Mr Clark said the statutory right of access offered by the White Paper to information and records "will transform the culture of government and make it more open and accountable. It is a huge step towards rebuilding trust between government and the people."
Some of the main features of the White Paper were remarkable. Information held by privatised water boards, other utilities, and the BBC, as well as the armed forces, hospitals and schools, would be opened up, although, as Mr Shepherd discovered in Commons questions, it was unclear whether rights to openness would extend to the European Council. Mr Frankel was also impressed that the enforcement powers of a new Information Commissioner would be as tough as those of any court, to compel the Government to release information.
"The White Paper goes further than we had thought any British Government would be willing to go," Mr Frankel said. But there were a number of serious gaps that could impede genuine inquiries.
Dr Clark told The Independent that there was no question of departments setting up catalogues or indices of the information they held, to give the public a better idea of what was available. "There can't be an index," he said. "There is no need for an index." But even the Croham Directive, an ineffectual attempt at open government issued by Sir Douglas Allen, Head of the Home Civil Service, 20 years ago, conceded that a digest of information available would provide enormous support for any right to know.
Without such assistance, searches can become worse than looking for needles in Whitehall haystacks. Without knowing specifically what they are looking for, people could face the charge that they are indulging in what yesterday's White Paper called "large-scale fishing expeditions or other applications which would result in a disproportionate cost or diversion of the public authority's resources ..."
There was also an insistence that the public could not be allowed access to the innermost policy advice and decision-making discussions of government, where disclosure would cause harm - rather than the "substantial harm" test that it be applied to other protected areas of information, like defence and law enforcement.
The White Paper says: "Now, more than ever, government needs space and time in which to assess arguments and conduct its own debates with a degree of privacy."
The particular points of policy protection included: the maintenance of collective ministerial responsibility - or the disclosure of splits; and the political impartiality of public officials - the exposure of their engagement in politically sensitive activity.
But the White Paper does include a case-by-case public interest clause, under which officials would be expected to consider whether a decision not to disclose information might itself "result in substantial harm to public safety, or the environment". In welcoming the proposal to appoint an Information Commissioner to police the open government process, the Campaign for Freedom of Information noted "that complainants would not have to bear the potentially prohibitive costs of going to court to enforce their rights."
However, Dr Clark told The Independent that the Commissioner would be appointed by the Prime Minister - a critical choice, and a significant power, if the process is to run smoothly. In his preface to the White Paper yesterday, Tony Blair said: "The traditional culture of secrecy will only be broken down by giving people in the United Kingdom the legal right to know. This fundamental and vital change in the relationship between government and governed is at the heart of this White Paper."

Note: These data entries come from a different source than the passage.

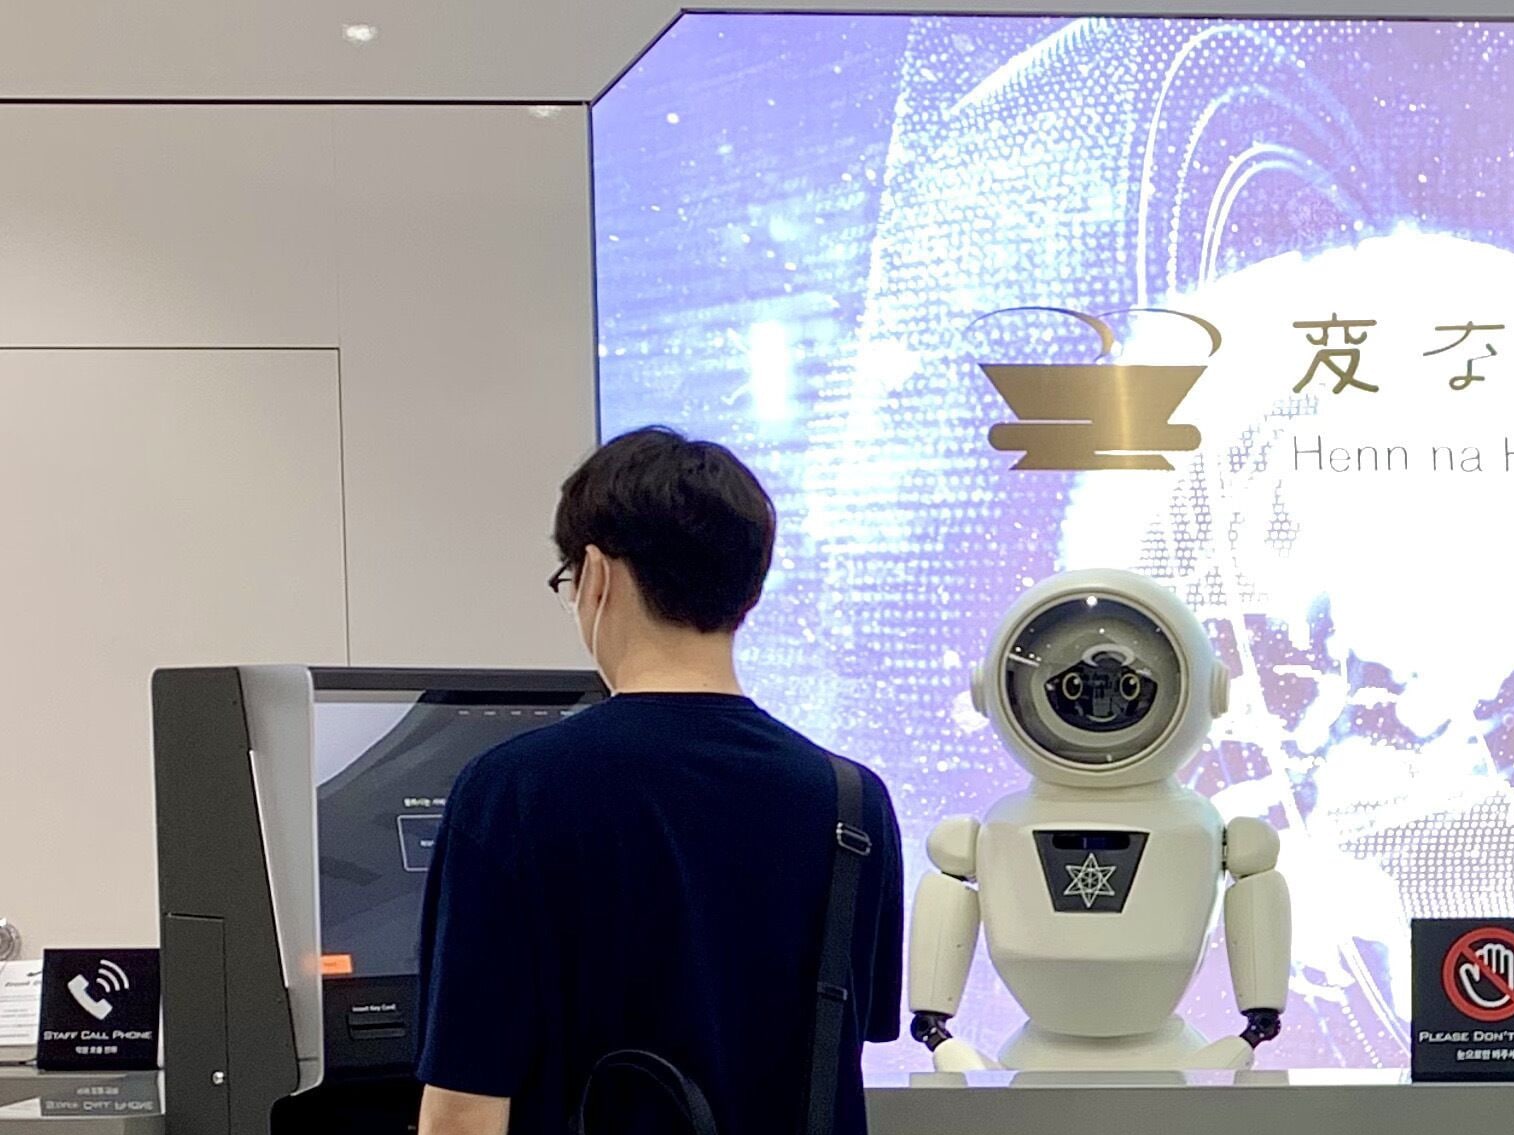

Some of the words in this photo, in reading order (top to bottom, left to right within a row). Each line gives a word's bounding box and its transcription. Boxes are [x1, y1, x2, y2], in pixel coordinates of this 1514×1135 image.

[1293, 435, 1409, 472] Henn
[1431, 445, 1483, 473] na
[43, 1030, 78, 1041] STAFF
[81, 1030, 109, 1040] CALL
[112, 1030, 153, 1040] PHONE
[1418, 1031, 1470, 1043] PLEASE
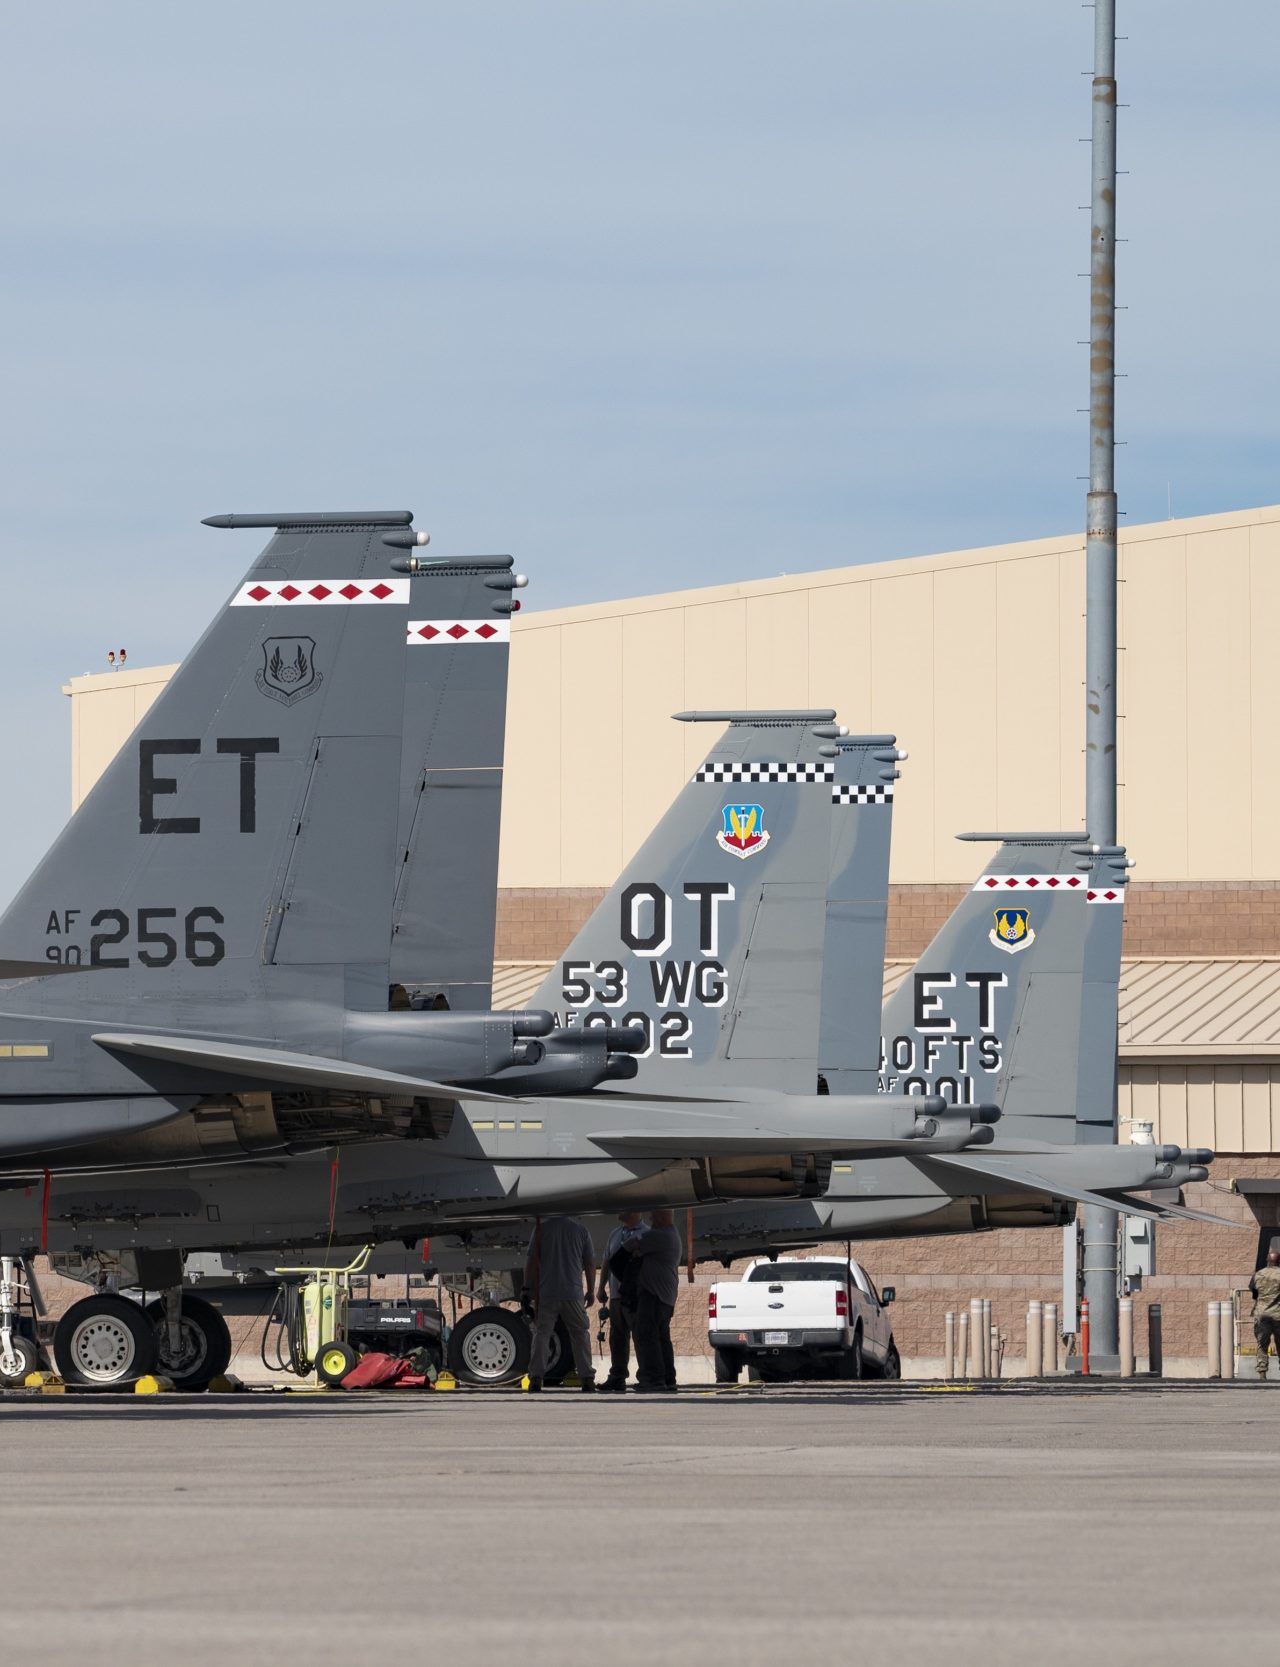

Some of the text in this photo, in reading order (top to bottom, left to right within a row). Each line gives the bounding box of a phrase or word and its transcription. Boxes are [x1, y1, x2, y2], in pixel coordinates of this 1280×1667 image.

[139, 737, 279, 835] ET
[45, 909, 81, 934] AF
[90, 906, 225, 969] 256
[621, 882, 736, 957] OT
[45, 946, 81, 965] 90
[562, 961, 729, 1008] 53 WG
[914, 972, 1008, 1033] ET

But John Redwood, the Conservative Trade and Industry spokesman, told The Independent last night that for all its spirit of openness, he had been unable to find out from the Government the precise role being played by Geoffrey Robinson, the Paymaster General, in the negotiation of new coal contracts, and he was having difficulty in getting the Government to accept Commons questions on such matters. "It's a funny old world," he said, "strange how these coincidences keep on happening."
Following public consultation on the White Paper, the Government hopes to produce a draft Bill by summer, with the possibility of legislation starting within 12 months and enactment by the summer of 1999. The law would then be phased in over time, but with the real possibility of widespread change before the next election.
your right to know
White Paper offers public a statutory right of access to official records and information.

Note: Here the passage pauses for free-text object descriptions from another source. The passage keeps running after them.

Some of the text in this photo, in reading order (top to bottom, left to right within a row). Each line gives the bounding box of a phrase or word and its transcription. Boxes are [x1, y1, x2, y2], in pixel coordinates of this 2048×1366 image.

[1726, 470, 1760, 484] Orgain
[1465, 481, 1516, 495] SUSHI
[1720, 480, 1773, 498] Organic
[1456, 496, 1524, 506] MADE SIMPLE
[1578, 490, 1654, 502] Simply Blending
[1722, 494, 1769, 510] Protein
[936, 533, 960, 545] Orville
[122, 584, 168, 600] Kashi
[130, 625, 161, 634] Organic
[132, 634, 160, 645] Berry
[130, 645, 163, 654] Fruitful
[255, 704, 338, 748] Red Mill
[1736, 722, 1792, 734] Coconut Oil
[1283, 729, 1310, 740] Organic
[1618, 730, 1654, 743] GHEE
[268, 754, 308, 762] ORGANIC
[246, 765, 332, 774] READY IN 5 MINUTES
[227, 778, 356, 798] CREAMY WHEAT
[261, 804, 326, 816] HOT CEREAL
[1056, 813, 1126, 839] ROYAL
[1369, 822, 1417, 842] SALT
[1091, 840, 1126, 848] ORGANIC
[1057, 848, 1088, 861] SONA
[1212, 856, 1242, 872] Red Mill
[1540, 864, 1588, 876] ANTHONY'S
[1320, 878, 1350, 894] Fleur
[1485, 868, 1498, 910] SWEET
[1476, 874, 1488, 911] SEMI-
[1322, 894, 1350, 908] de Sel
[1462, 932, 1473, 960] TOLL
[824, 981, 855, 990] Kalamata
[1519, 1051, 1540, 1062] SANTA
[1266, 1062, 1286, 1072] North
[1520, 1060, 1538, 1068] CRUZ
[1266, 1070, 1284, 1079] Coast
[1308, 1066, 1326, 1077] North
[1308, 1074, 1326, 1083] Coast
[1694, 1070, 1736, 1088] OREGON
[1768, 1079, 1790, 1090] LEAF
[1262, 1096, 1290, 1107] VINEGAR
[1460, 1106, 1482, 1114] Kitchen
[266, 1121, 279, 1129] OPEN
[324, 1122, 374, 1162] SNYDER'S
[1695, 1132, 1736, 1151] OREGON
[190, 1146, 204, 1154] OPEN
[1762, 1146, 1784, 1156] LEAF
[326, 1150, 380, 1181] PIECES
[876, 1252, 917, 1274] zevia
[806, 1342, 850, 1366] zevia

Scope includes not only Government departments, NHS, local authorities and quangoes like Atomic Energy Authority - but privatised utilities, too.
Exclusions include Security and Intelligence services, like MI5 and MI6, as well as special forces like the SAS.

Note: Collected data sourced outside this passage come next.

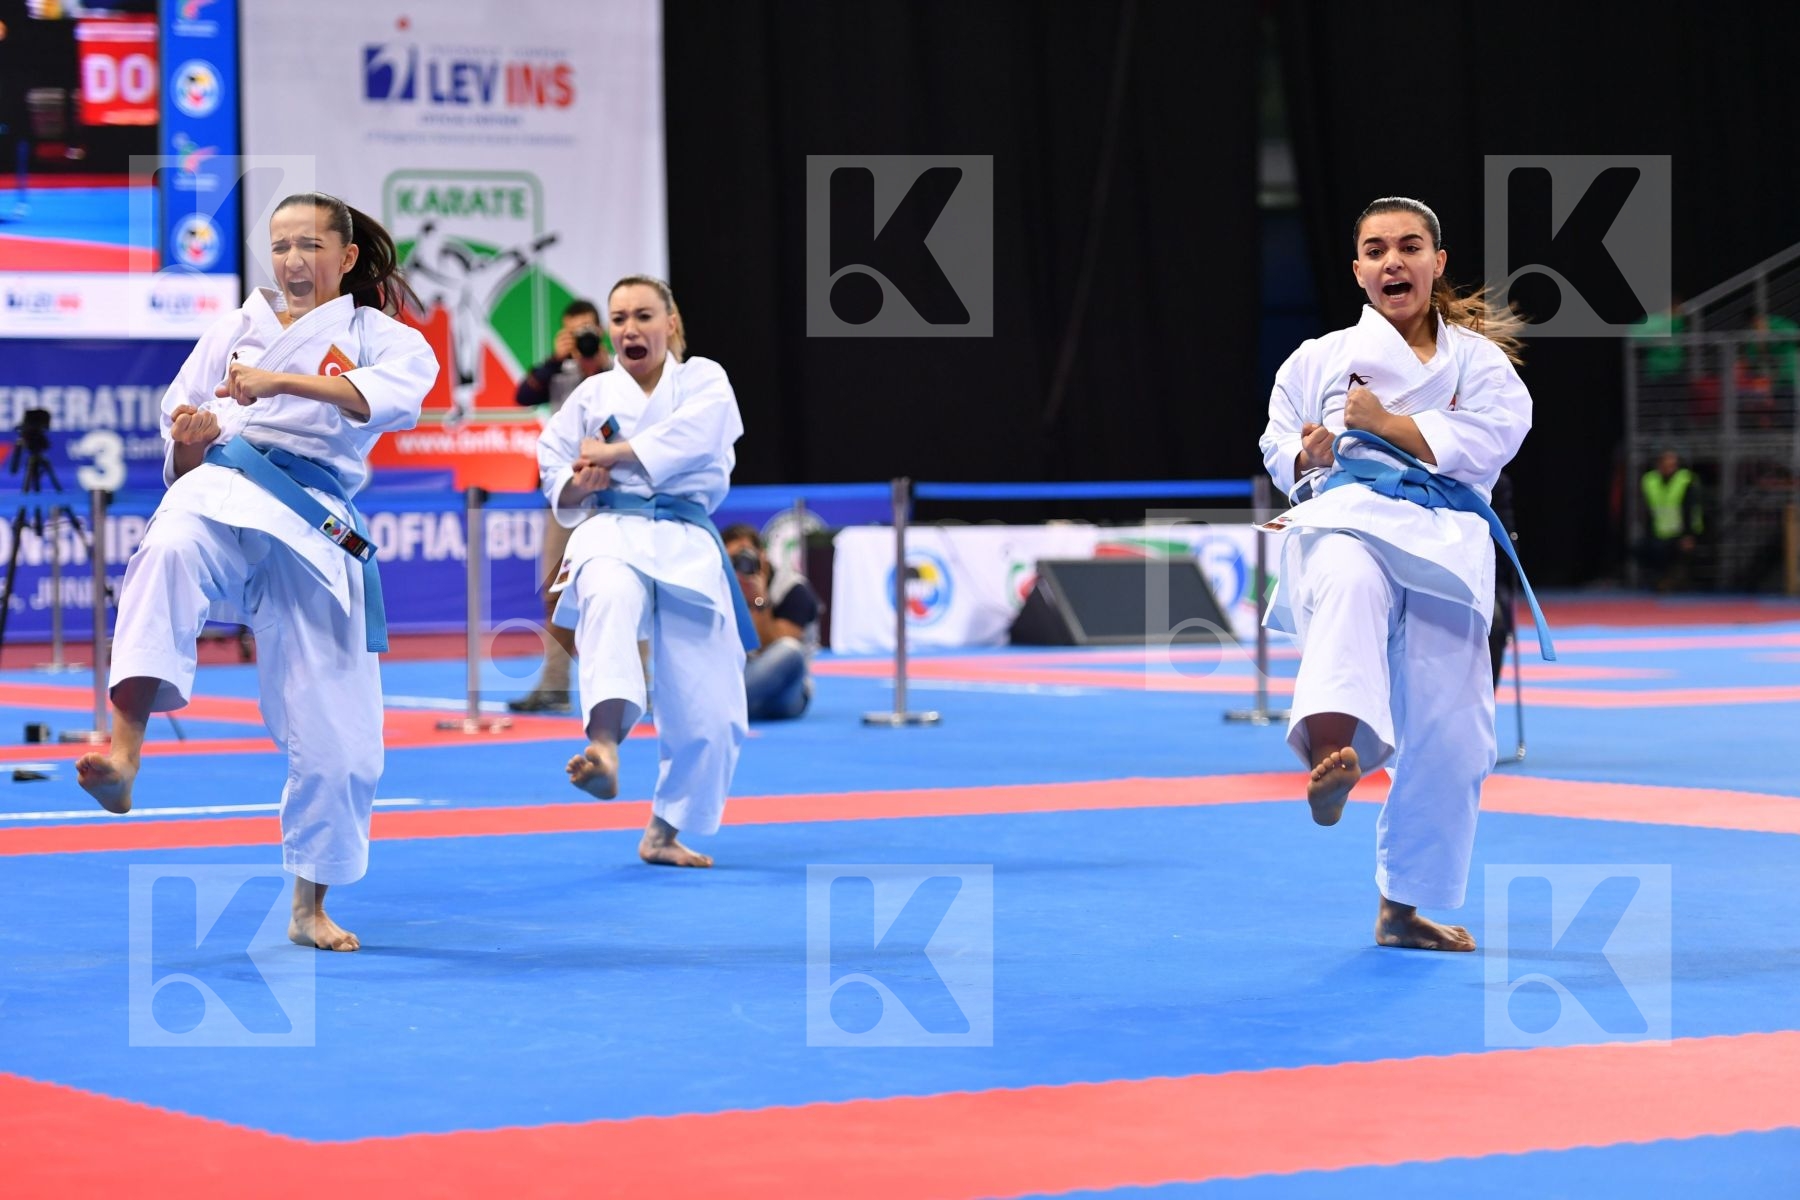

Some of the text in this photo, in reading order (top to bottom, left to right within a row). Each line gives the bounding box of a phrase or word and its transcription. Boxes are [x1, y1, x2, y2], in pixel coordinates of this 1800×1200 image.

[82, 53, 156, 104] DO
[428, 60, 575, 112] LEV INS
[396, 185, 527, 220] KARATE
[78, 429, 126, 491] 3
[363, 510, 469, 564] OFIA,

A right of access will be provided for records or information of any date, for normal fee of pounds 10 maximum, provided no substantial harm caused.
Seven areas to be protected: national security, defence and international relations; law enforcement; personal privacy; commercial confidentiality; public, individual and environmental safety; and information supplied in confidence.
Additional protection for Government decision-making and policy advice, and 30-year closure rule remains for historical records.
Information Commissioner to adjudicate and enforce rights of access, but with no back-up right of appeal to courts.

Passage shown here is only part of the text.